And so it’s not surprising that when God drew even closer to us in Jesus, his story also unfolded tree by tree. We remember that Zacchaeus became his disciple while draped in the branches of a sycamore. Nathaniel went after him too, after Jesus summoned him out from under the shady fig. We still tell each other the story of the mustard seed that grew into a great tree whose branches hosted all the birds of the air—no matter who they were, or where they found themselves on the journey of life.

A tree that is not producing anything, Jesus said, need not be cut down, but commended to the care of the arborist for another year—a mercy (we suspect) that was probably extended the year after that as well, and the year after that one too. Other unproductive trees were not so lucky, but they made his point about the urgency of responding actively to the gospel. Jesus was hanged on a tree. They buried him in a garden full of trees. And in the end, when God re-creates all things, a tree will straddle the River of Life and produce fruit in every season, and its leaves will be for the healing of the nations.

Sometimes we imagine the church as a club you join. Or we think of it as an organization that has business to do. Or as a center of advocacy and the promoter of causes. Our attention tends to focus on membership, activity, programs, and numbers. But the Bible tells us a different story about who we are.

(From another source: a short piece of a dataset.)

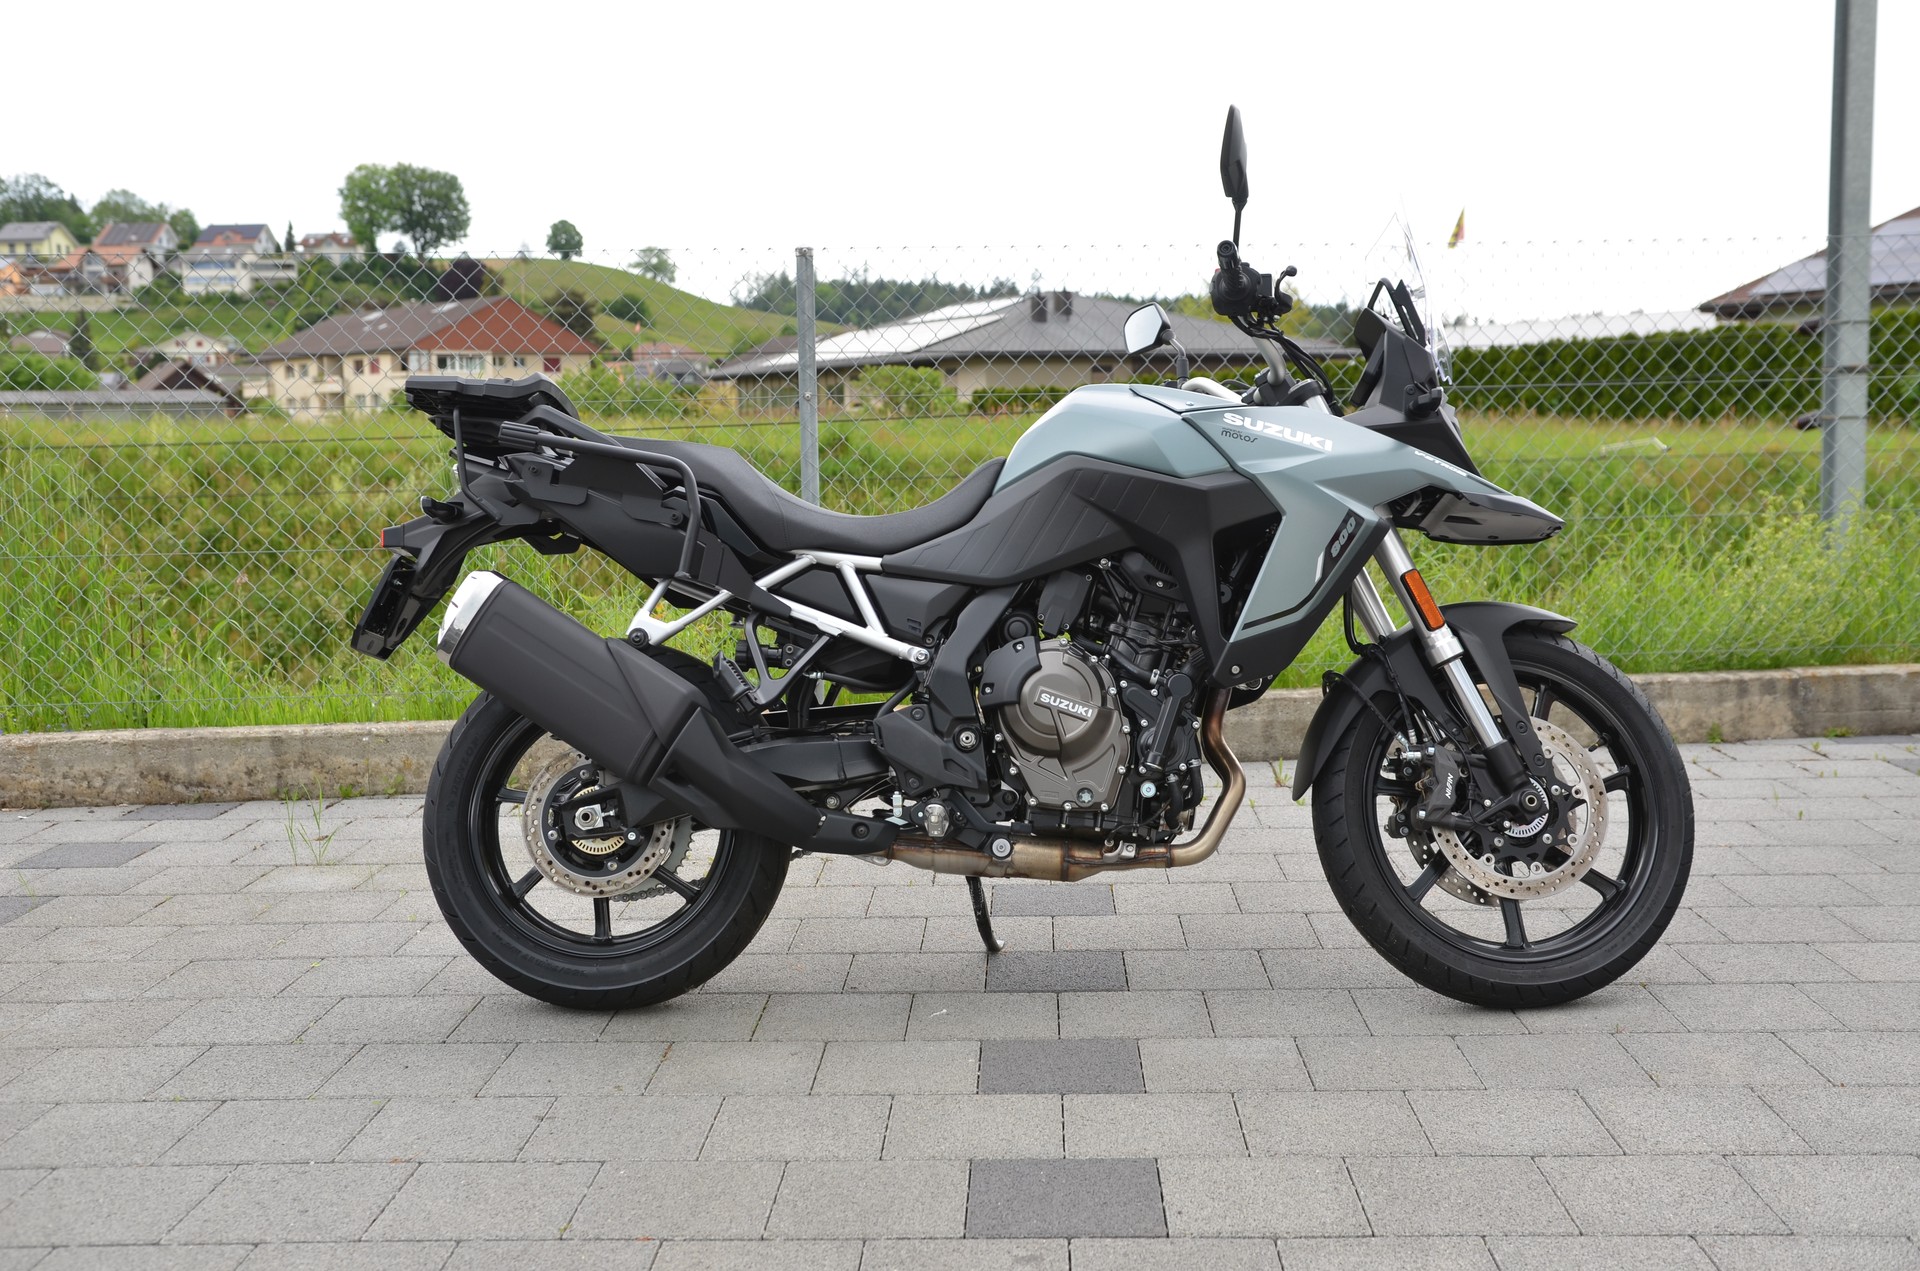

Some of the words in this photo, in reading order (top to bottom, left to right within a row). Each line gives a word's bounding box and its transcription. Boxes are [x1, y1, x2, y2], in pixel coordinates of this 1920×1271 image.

[1223, 412, 1333, 452] SUZUKI
[1330, 516, 1356, 558] 800
[1040, 693, 1093, 718] SUZUKI
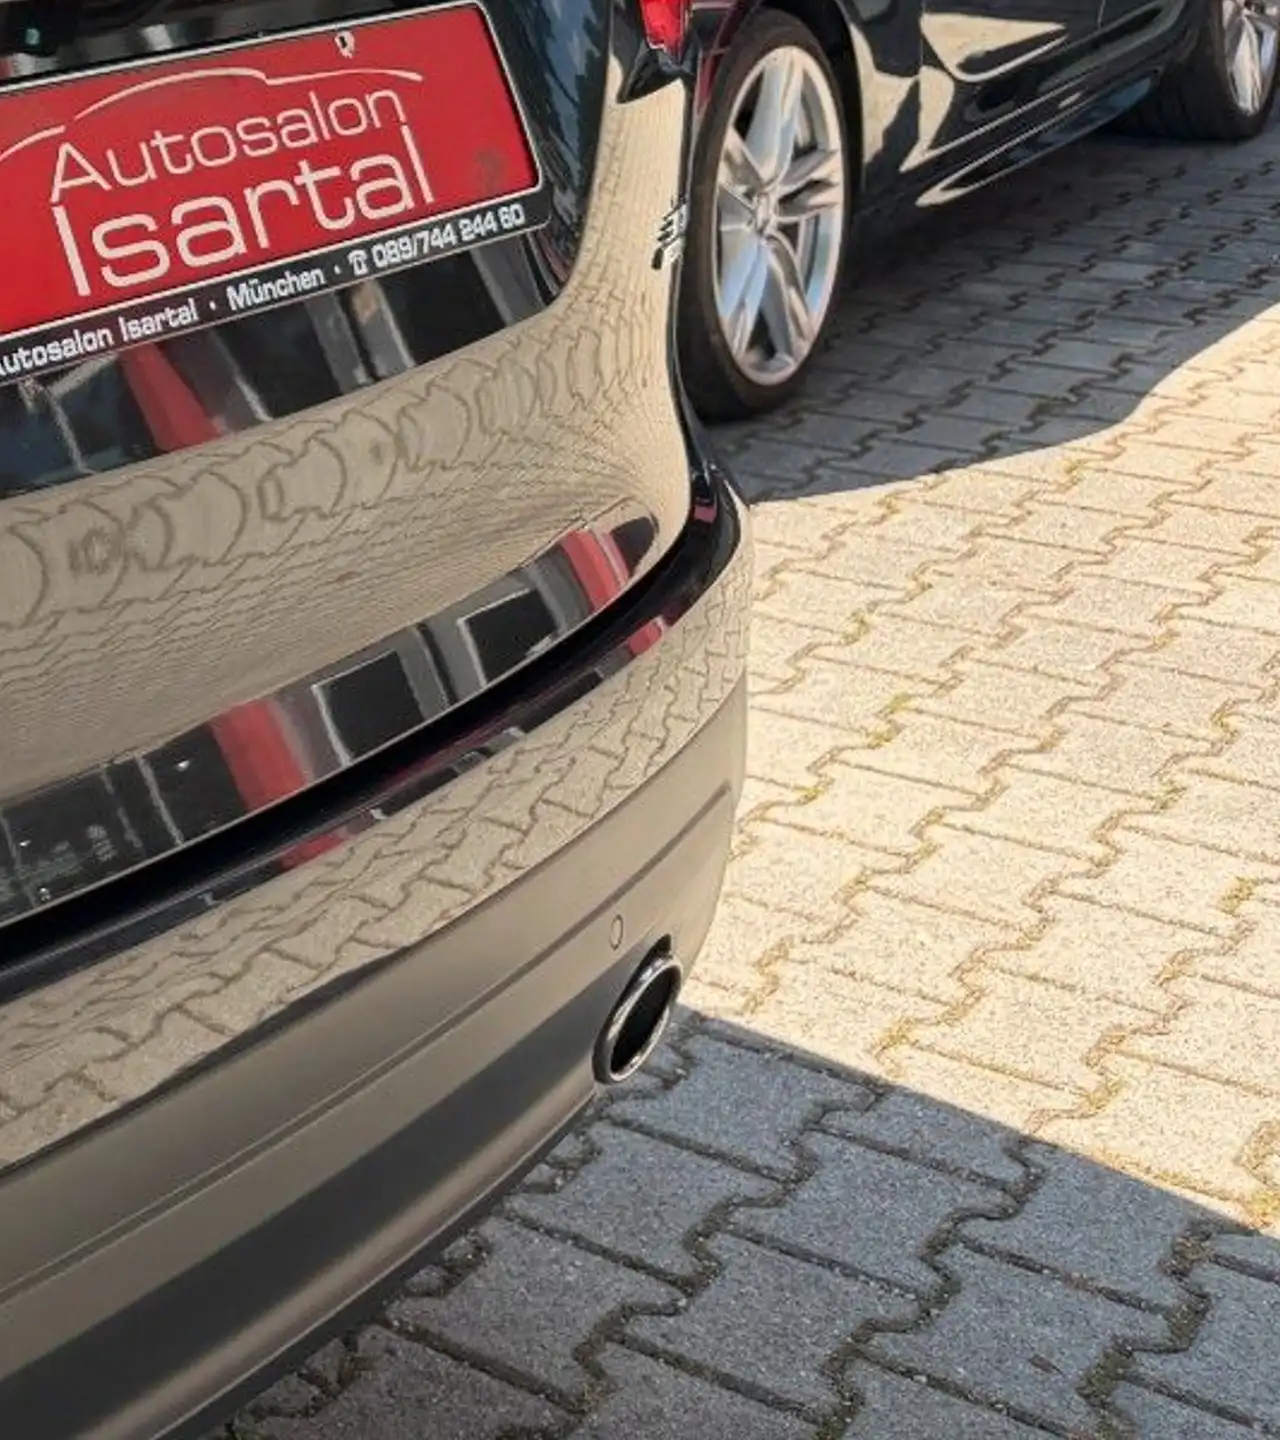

The church is not a club, nor an organization concerned with bottom lines and the size and success of the franchise, nor a social service agency or political action group. The church is a people set apart, a priesthood, a new kind of family, God’s adopted daughters and sons, citizens in a new commonwealth, an assembly, a holy gathering for God’s praise and purposes. And it is, the Bible says in many places, a tree—a cedar, an evergreen, an oak of God’s own planting.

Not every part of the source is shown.